When HBV infection of a healthy adult induces hepatitis, clearance of the virus follows in almost all cases. In contrast, HCV infection in a healthy adult leads to chronic infection with continuous viremia in approximately 85% of cases. Among our 110 anti-HCV–positive hemophiliac patients, 89 (80.9%) were positive for HCV RNA (Table 1), and the rest (19.1%) were repeatedly negative for HCV RNA and had normal transaminase concentrations. Even though hemophiliac patients typically had repeated exposures to the virus until blood products were screened, viremia was considered resolved in 19.1%. These features of infection suggest that HCV elimination is difficult even in patients with normal immune function. However, they also suggest that HCV can be eliminated under restricted conditions that probably depend on individual factors, as in our 2 patients whose HCV viremia was eliminated during HAART (Figure 4). The immune improvement associated with HAART apparently can help to reduce HCV viremia in HCV and HIV-coinfected patients, sometimes eliminating the virus. Interestingly, HCV viremia was eliminated in our patient 2 even though the peripheral CD4⁺-cell count did not greatly improve; so, HCV elimination is possible, even with suboptimal improvement in immune function. Both patients whose HCV was resolved were considerably younger than the others; thus, age-related factors may be important although we did not detect differences in immune function between our 2 control groups (A1 and A2) that differed in age.
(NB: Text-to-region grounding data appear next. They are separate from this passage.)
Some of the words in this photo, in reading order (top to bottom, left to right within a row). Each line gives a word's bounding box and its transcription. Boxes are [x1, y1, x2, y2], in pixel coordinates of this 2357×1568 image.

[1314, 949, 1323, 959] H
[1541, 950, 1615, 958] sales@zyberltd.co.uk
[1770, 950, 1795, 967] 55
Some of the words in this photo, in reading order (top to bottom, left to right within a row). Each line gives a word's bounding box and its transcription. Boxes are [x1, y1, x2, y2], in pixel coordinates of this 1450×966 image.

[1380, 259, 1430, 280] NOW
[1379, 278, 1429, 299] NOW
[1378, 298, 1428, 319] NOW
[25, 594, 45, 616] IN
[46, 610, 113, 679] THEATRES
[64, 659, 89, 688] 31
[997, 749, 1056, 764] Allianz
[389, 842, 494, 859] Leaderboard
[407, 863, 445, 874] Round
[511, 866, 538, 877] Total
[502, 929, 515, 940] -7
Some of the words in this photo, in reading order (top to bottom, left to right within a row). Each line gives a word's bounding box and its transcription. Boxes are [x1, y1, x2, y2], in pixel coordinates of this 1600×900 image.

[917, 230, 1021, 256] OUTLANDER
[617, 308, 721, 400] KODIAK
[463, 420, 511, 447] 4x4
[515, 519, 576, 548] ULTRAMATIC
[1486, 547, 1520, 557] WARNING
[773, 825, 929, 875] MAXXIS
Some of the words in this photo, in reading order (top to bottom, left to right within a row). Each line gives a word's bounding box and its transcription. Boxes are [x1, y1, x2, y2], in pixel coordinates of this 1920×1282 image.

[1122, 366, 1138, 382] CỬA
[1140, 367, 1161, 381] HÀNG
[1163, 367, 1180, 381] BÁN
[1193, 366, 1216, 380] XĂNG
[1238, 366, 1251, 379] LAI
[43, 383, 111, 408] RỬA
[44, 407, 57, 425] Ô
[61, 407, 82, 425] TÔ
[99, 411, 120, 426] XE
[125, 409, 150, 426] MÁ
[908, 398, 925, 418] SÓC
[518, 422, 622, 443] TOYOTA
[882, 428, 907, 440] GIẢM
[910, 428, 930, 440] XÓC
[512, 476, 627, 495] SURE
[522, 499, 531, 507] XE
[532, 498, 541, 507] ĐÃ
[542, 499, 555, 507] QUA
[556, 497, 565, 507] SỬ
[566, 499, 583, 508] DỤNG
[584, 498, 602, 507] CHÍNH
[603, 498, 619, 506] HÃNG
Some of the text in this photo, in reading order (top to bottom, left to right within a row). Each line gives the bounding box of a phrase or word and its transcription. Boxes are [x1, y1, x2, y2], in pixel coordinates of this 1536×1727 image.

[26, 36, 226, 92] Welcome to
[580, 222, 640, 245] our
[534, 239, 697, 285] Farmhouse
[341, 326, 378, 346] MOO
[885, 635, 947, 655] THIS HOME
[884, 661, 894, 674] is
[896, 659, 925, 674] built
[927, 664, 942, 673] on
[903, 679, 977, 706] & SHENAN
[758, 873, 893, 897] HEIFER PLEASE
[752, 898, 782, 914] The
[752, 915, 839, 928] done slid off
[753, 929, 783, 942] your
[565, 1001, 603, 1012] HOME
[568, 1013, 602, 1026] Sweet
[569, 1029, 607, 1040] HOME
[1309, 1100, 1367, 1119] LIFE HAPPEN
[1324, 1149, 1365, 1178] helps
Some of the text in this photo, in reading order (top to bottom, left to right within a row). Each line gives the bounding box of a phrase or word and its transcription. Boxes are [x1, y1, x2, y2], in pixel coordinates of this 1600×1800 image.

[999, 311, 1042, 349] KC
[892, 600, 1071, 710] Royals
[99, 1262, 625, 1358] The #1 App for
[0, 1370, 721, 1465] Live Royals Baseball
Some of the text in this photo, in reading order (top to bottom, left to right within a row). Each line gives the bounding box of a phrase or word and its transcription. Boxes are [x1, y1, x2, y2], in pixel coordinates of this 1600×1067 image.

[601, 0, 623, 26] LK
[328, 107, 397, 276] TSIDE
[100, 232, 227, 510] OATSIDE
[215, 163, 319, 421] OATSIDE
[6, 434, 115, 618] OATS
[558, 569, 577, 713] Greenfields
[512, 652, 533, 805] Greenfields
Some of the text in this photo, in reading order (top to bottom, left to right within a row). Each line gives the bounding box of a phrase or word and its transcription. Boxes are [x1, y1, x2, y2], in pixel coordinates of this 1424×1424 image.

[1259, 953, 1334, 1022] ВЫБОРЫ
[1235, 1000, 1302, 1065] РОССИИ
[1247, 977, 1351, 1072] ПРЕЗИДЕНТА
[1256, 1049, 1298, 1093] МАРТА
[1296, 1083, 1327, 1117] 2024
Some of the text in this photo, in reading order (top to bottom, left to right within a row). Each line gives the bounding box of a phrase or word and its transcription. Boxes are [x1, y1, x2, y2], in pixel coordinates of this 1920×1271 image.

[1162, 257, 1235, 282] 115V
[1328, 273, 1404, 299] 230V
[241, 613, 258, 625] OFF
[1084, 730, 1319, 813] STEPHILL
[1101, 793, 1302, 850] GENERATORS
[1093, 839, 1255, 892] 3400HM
Highly active antiretroviral therapy has dramatically improved the life expectancy of HIV-infected patients, resulting in a proportional increase in HCV-related liver disease as an important cause of morbidity and mortality in HIV-infected individuals. IFN therapy remains the main treatment to control HCV viremia; however, responsiveness to IFN is reportedly less in HIV-positive than in HIV-negative patients.41 Our observation that HAART induces a decline in HCV viremia is an encouraging finding for coinfected patients because responsiveness to IFN therapy is believed to correlate inversely with serum HCV RNA levels.42,43Moreover, a combination of IFN and the oral antiviral agent ribavirin recently has been shown to substantially increase the response rate.44,45 Considering these points, coinfected patients should be treated with HAART to improve host immune status, followed by treatment with IFN and ribavirin. Such combined therapy may improve outcomes in these hemophiliac patients.